Task requirements >>
Transcribe all records exactly.

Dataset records
☆ ☆ ☆ ☆ ☆

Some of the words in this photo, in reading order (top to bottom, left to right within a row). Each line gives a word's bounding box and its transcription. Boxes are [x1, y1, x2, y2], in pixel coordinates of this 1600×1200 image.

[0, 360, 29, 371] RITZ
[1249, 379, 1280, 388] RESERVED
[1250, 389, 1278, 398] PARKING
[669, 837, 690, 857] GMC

☆ ☆ ☆ ☆ ☆

Answer for this exercise >>
Some of the words in this photo, in reading order (top to bottom, left to right within a row). Each line gives a word's bounding box and its transcription. Boxes are [x1, y1, x2, y2], in pixel coordinates of this 1600×1200 image.

[0, 360, 29, 371] RITZ
[1249, 379, 1280, 388] RESERVED
[1250, 389, 1278, 398] PARKING
[669, 837, 690, 857] GMC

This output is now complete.